**Task item:** Without adding anything, give again the lines from the one holding "Some of the text" through the final line of the records, exactly, with both ends included and pictures dropped.

━━━ Extracted material ━━━

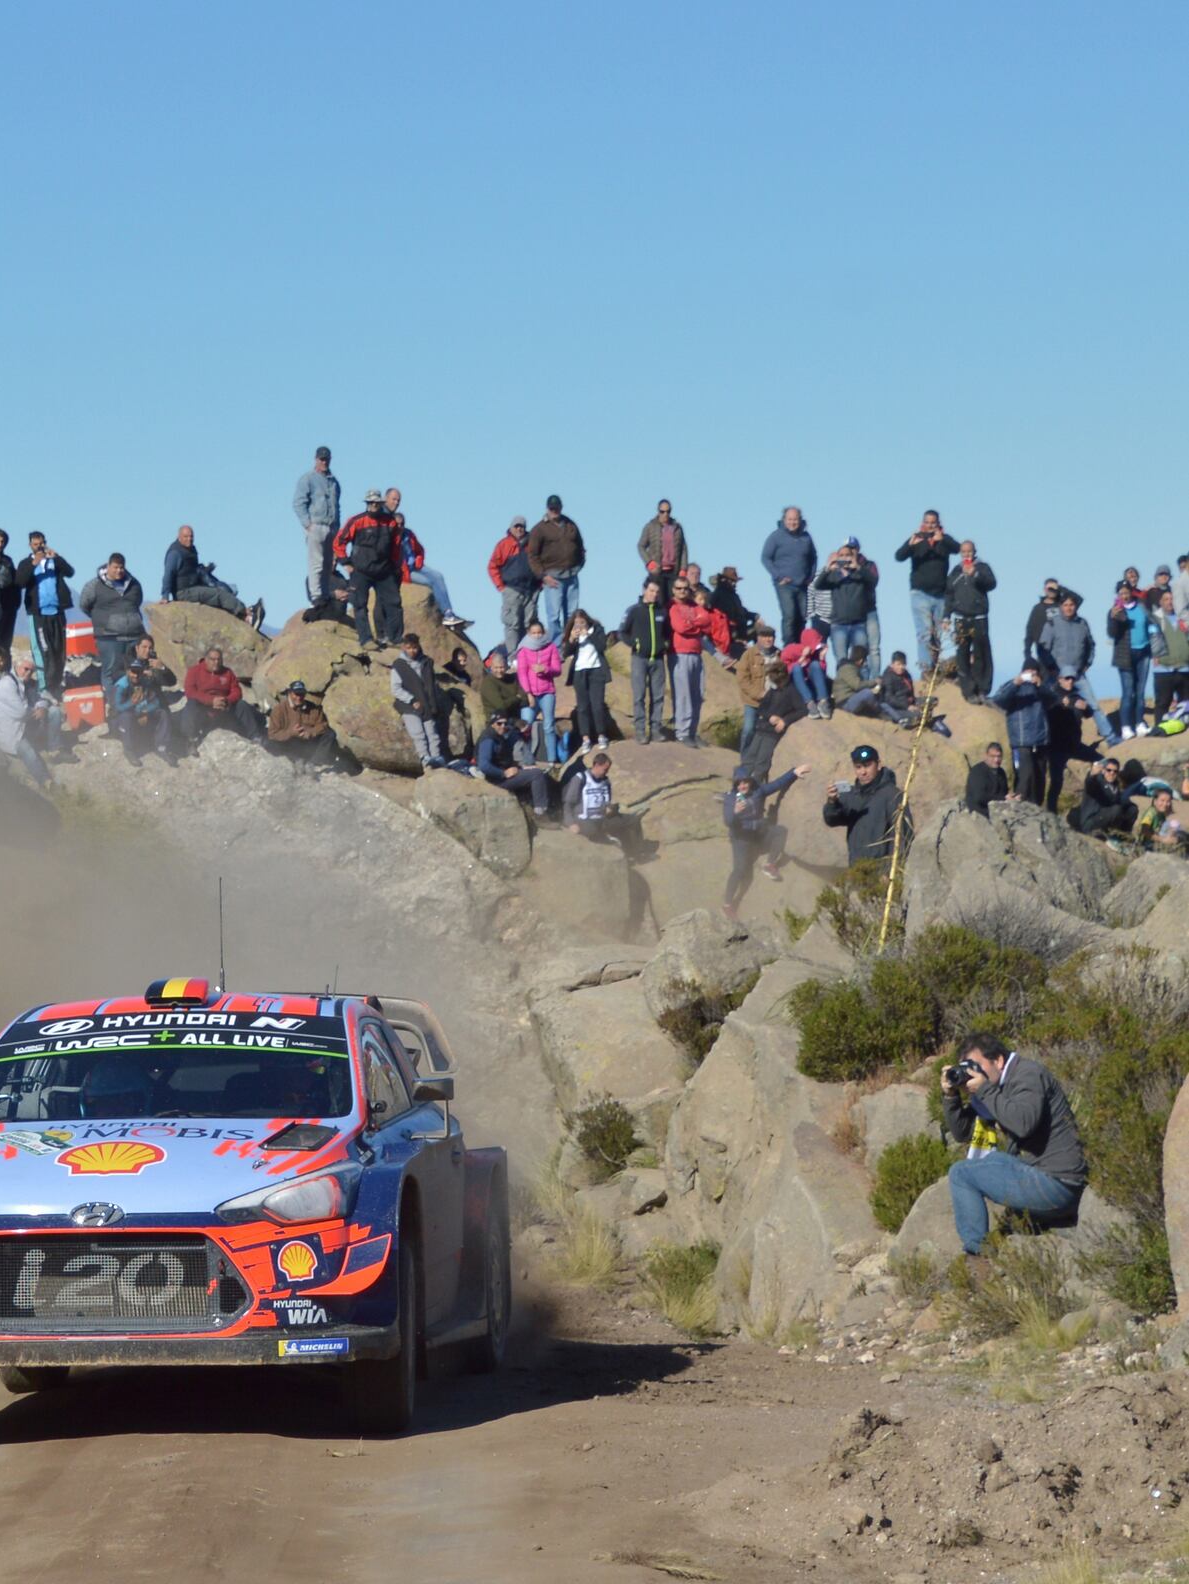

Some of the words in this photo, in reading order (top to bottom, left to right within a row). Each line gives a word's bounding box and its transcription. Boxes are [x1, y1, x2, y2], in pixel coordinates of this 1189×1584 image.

[102, 1013, 236, 1028] HYUNDAI
[181, 1033, 226, 1045] ALL
[233, 1034, 286, 1047] LIVE
[48, 1122, 176, 1130] HYUNDAI
[82, 1127, 254, 1140] MOBIS
[273, 1300, 312, 1308] HYUNDAI
[288, 1305, 328, 1324] WIA
[299, 1343, 344, 1351] MICHELIN
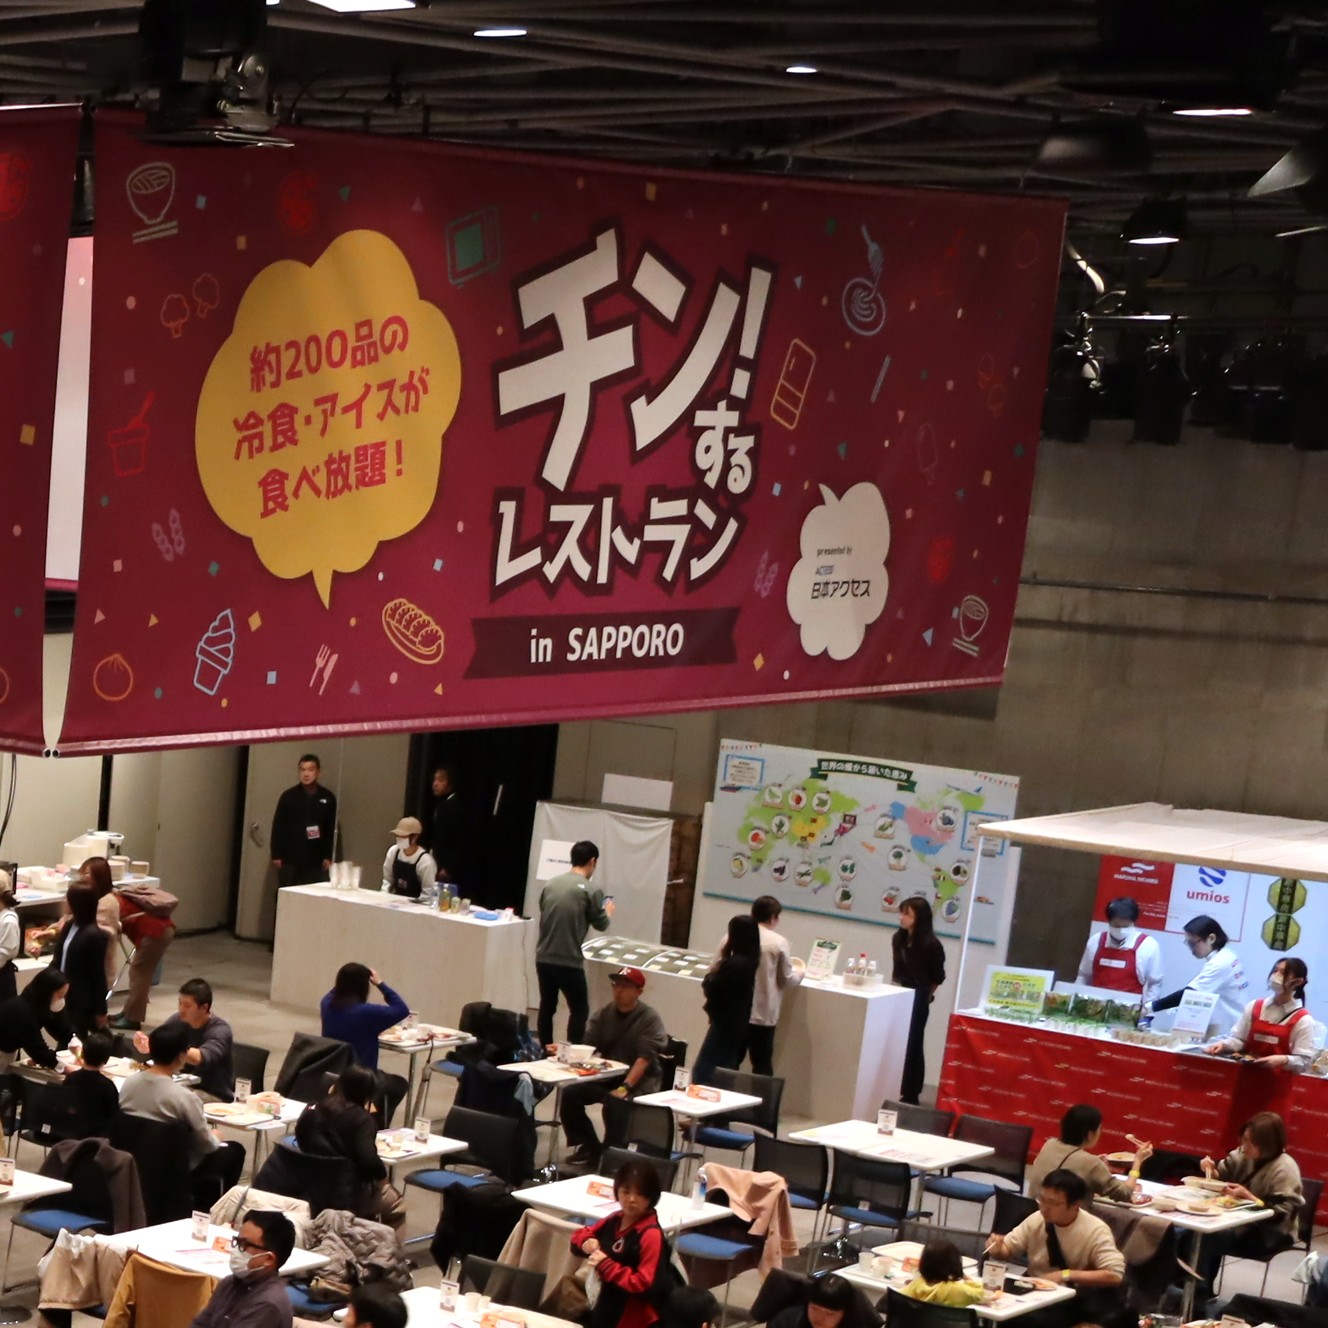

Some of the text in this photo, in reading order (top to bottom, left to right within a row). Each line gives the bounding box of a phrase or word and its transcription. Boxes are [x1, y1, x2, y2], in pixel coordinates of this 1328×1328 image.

[249, 315, 409, 393] 約200品の
[498, 227, 772, 492] チン!
[232, 366, 430, 461] 冷食・アイスが
[693, 399, 756, 494] する
[257, 439, 403, 520] 食べ放題!
[495, 497, 739, 586] レストラン
[811, 579, 871, 600] 日本アクセス
[530, 622, 685, 663] in SAPPORO
[1187, 889, 1230, 904] umios
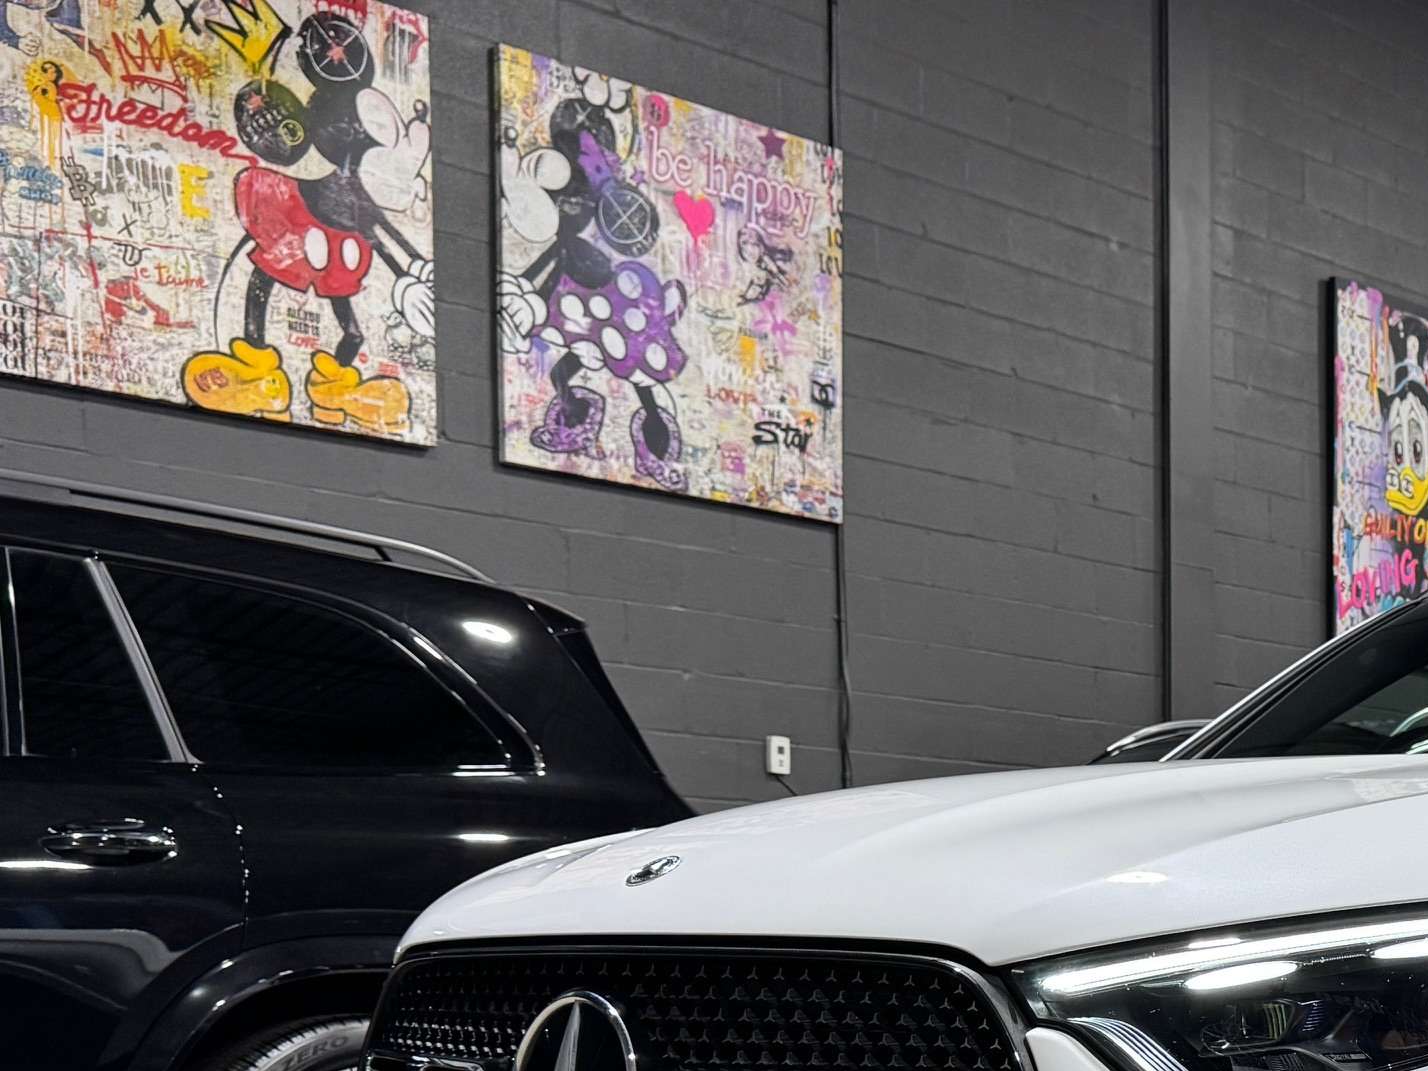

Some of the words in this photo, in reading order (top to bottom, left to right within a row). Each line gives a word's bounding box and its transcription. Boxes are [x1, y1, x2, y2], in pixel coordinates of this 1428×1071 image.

[57, 82, 258, 164] Freedom
[646, 125, 692, 187] be
[703, 139, 817, 238] happy
[1363, 511, 1412, 544] GUILTY
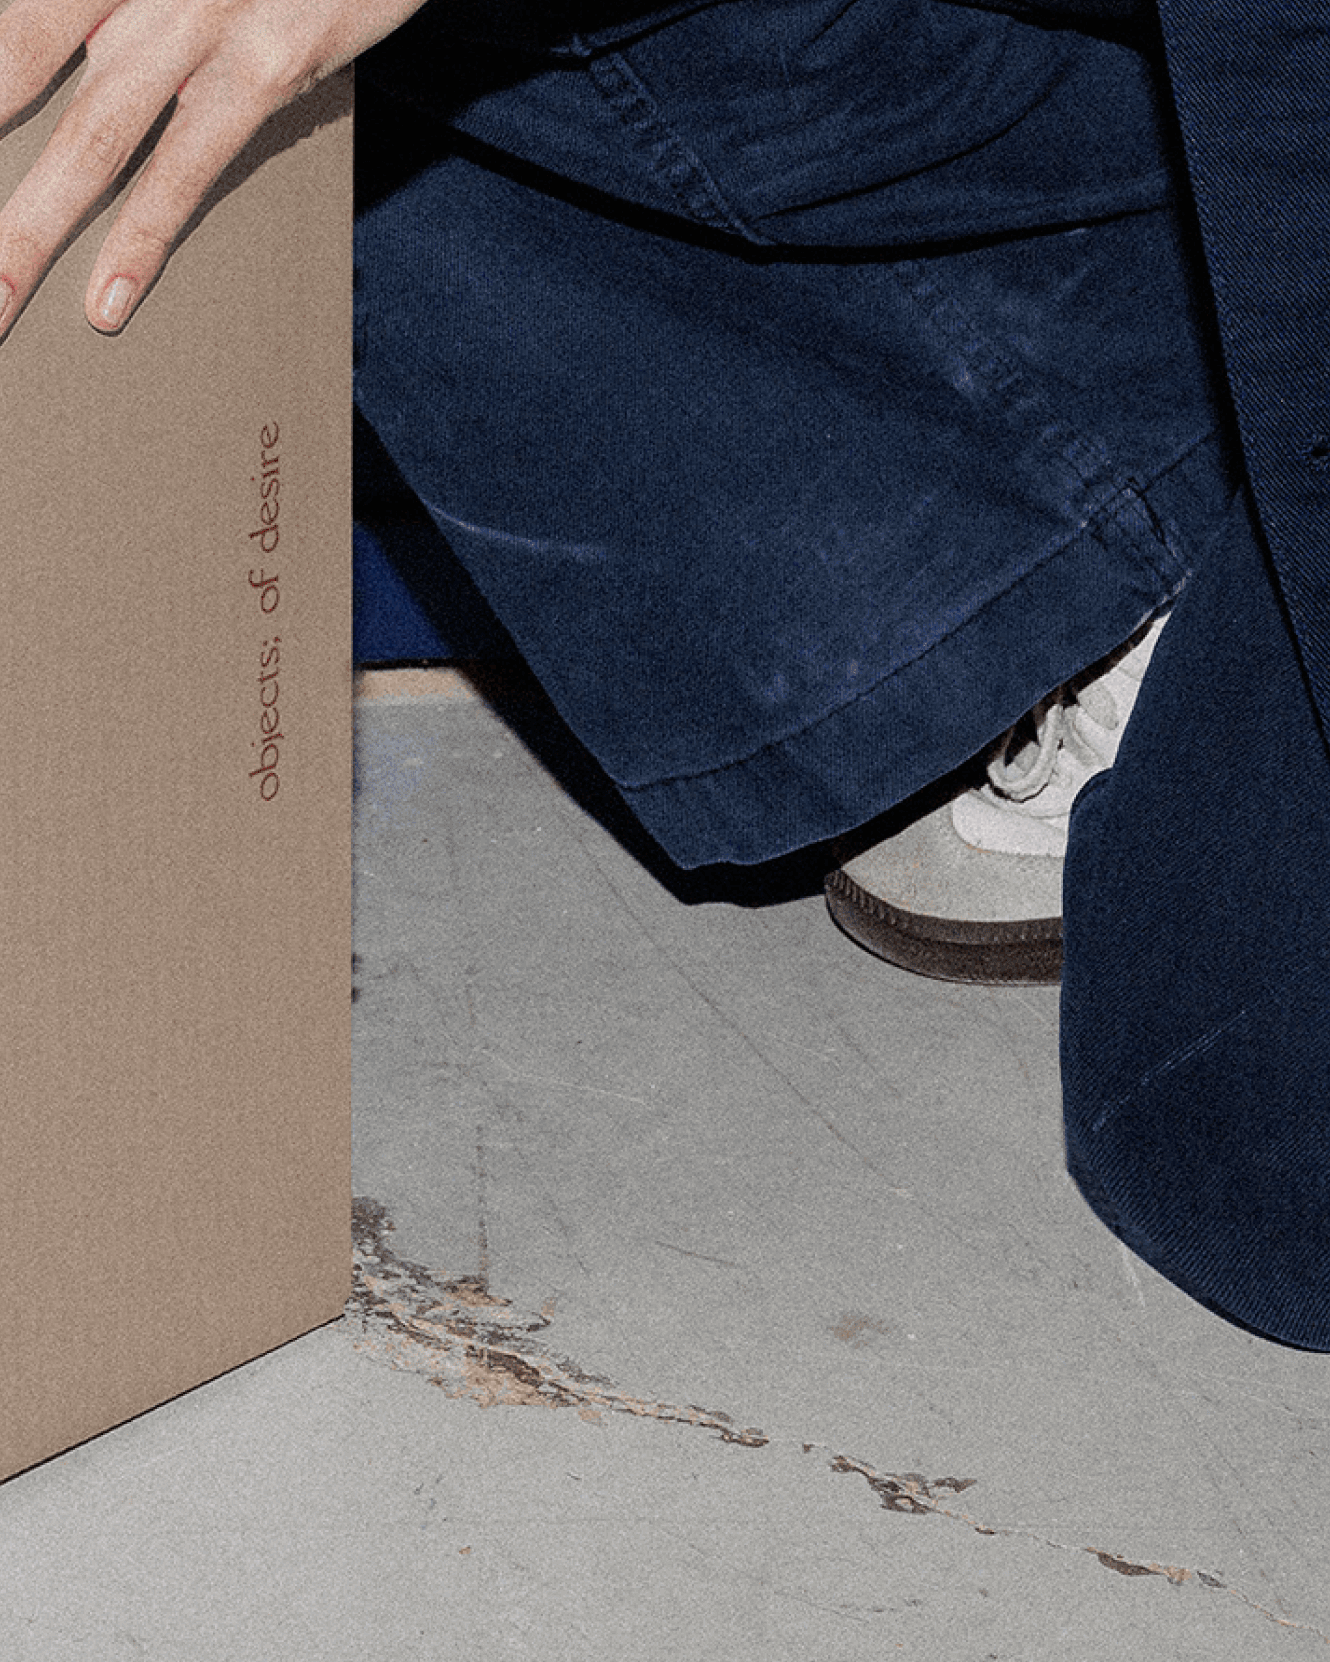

━━━

**Written solution:**
Some of the text in this photo, in reading order (top to bottom, left to right within a row). Each line gives the bounding box of a phrase or word and its transcription. Boxes are [x1, y1, x2, y2], in pixel coordinates of this 1328×1328 image.

[249, 315, 409, 393] 約200品の
[498, 227, 772, 492] チン!
[232, 366, 430, 461] 冷食・アイスが
[693, 399, 756, 494] する
[257, 439, 403, 520] 食べ放題!
[495, 497, 739, 586] レストラン
[811, 579, 871, 600] 日本アクセス
[530, 622, 685, 663] in SAPPORO
[1187, 889, 1230, 904] umios

Some of the words in this photo, in reading order (top to bottom, left to right within a row). Each line gives a word's bounding box and its transcription. Boxes are [x1, y1, x2, y2], in pixel coordinates of this 1428×1071 image.

[57, 82, 258, 164] Freedom
[646, 125, 692, 187] be
[703, 139, 817, 238] happy
[1363, 511, 1412, 544] GUILTY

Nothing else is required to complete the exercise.